§ Activity: Give the data below again exactly as it stands. Omit the pictures.

-------- Input records

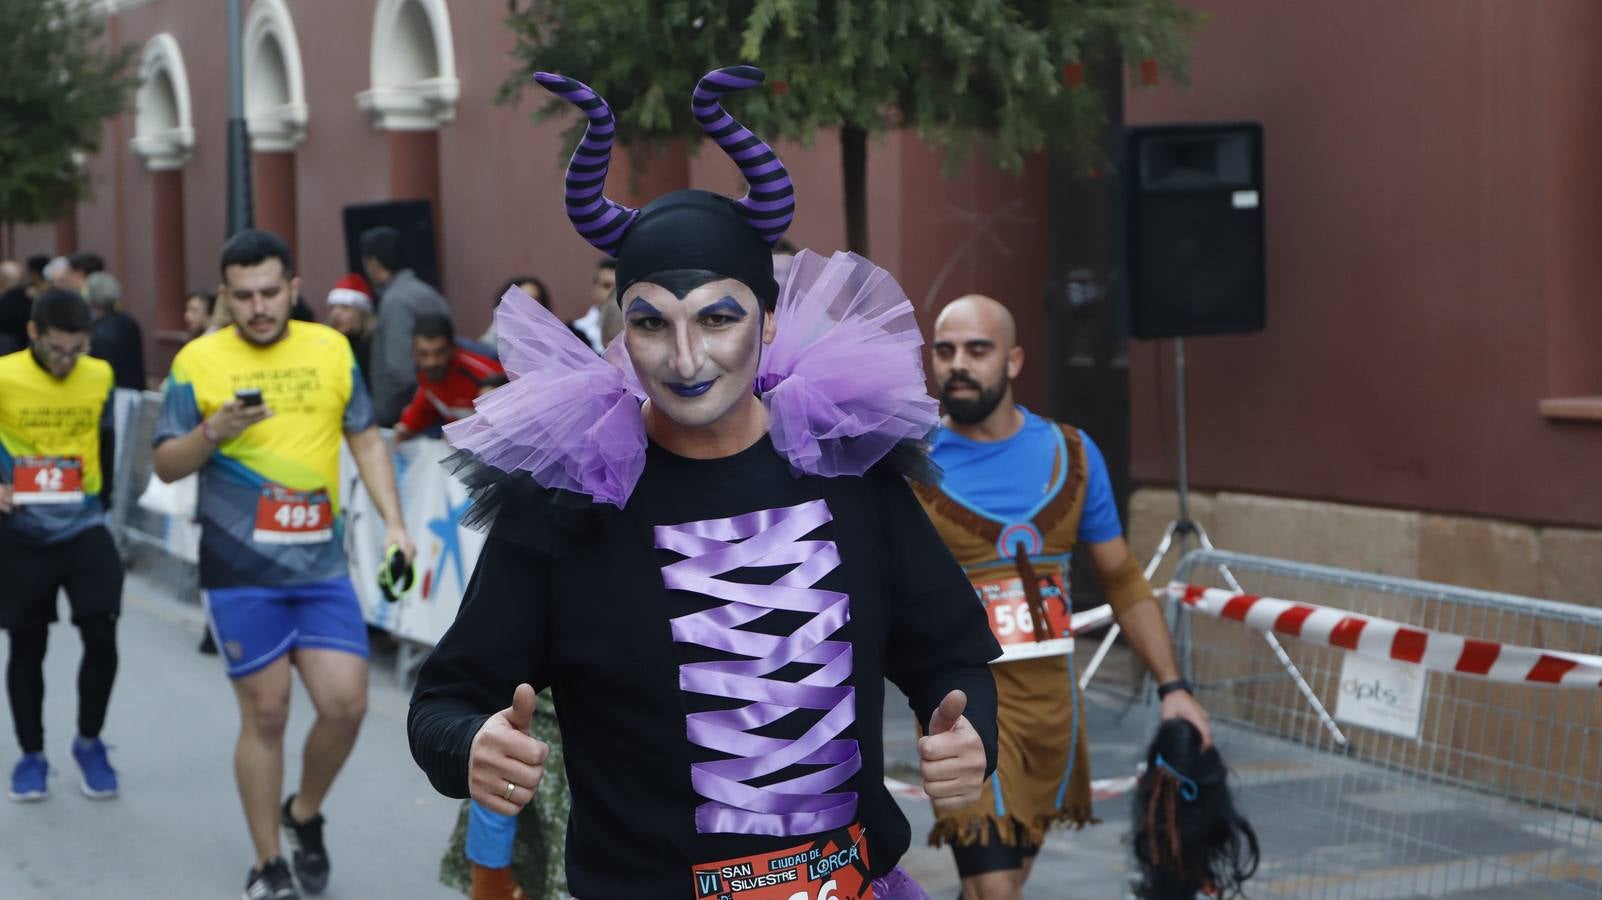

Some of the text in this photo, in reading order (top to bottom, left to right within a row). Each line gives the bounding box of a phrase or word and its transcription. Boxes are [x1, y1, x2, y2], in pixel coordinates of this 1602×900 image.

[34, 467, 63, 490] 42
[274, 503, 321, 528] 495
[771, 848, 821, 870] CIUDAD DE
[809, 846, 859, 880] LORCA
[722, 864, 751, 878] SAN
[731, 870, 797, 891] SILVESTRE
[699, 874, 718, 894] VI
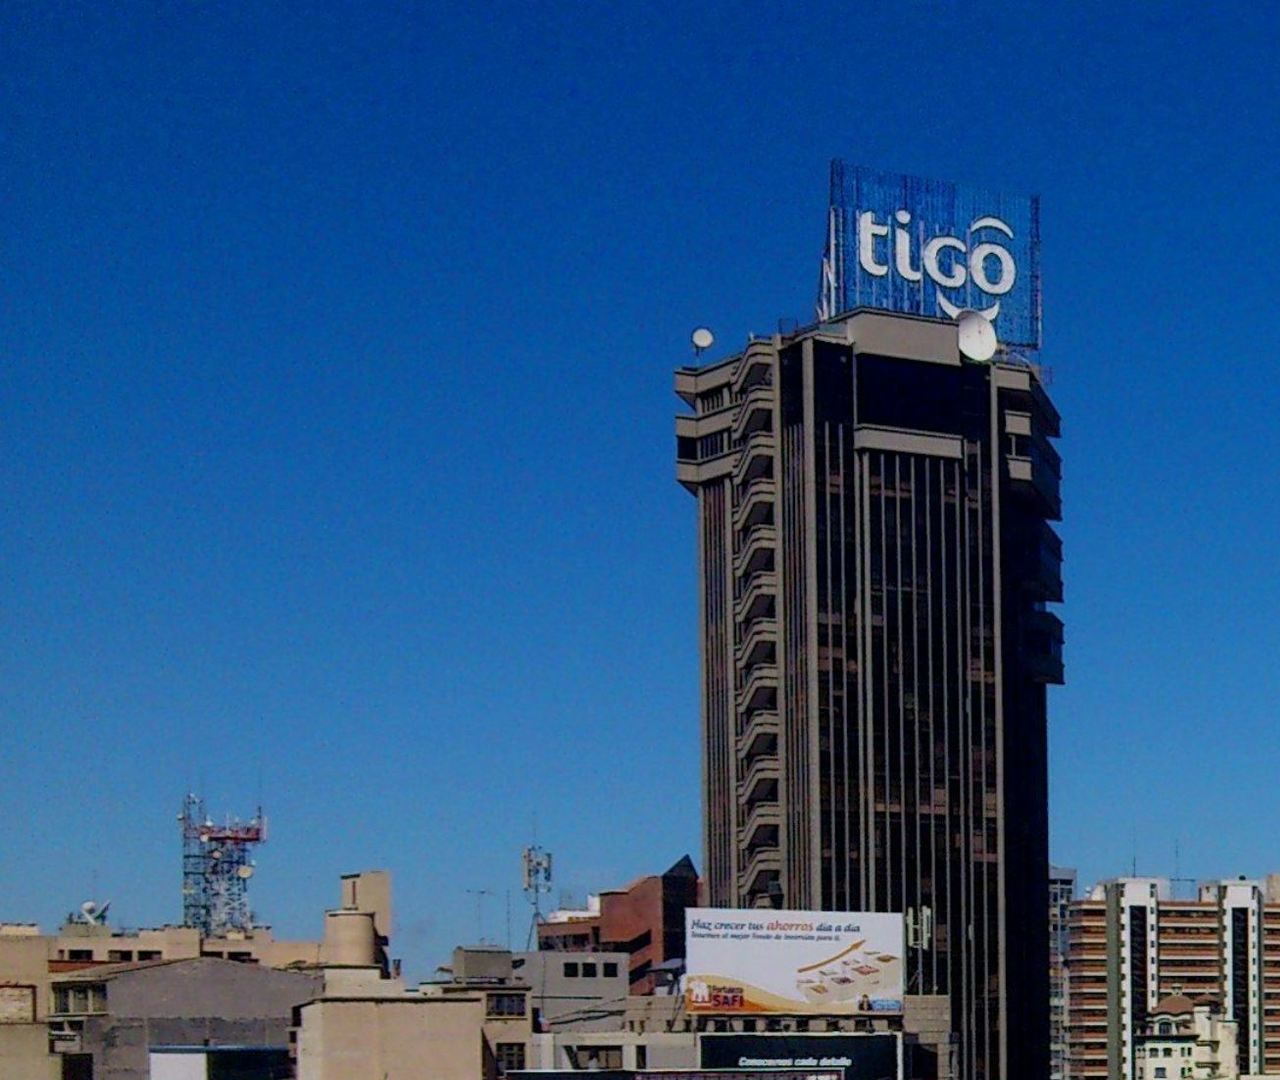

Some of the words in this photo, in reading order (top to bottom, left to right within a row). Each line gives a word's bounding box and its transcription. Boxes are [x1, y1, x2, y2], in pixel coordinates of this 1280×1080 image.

----------------

§ Answer to the exercise:
Some of the text in this photo, in reading order (top to bottom, left to right within a row). Each line gives the bounding box of a phrase or word and its transcription. Boxes are [x1, y1, x2, y2], in pixel coordinates of this 1602×900 image.

[34, 467, 63, 490] 42
[274, 503, 321, 528] 495
[771, 848, 821, 870] CIUDAD DE
[809, 846, 859, 880] LORCA
[722, 864, 751, 878] SAN
[731, 870, 797, 891] SILVESTRE
[699, 874, 718, 894] VI

Some of the words in this photo, in reading order (top to bottom, left to right within a row). Each line gives a word's bounding box and its transcription. Boxes are [x1, y1, x2, y2], in pixel coordinates of this 1280×1080 image.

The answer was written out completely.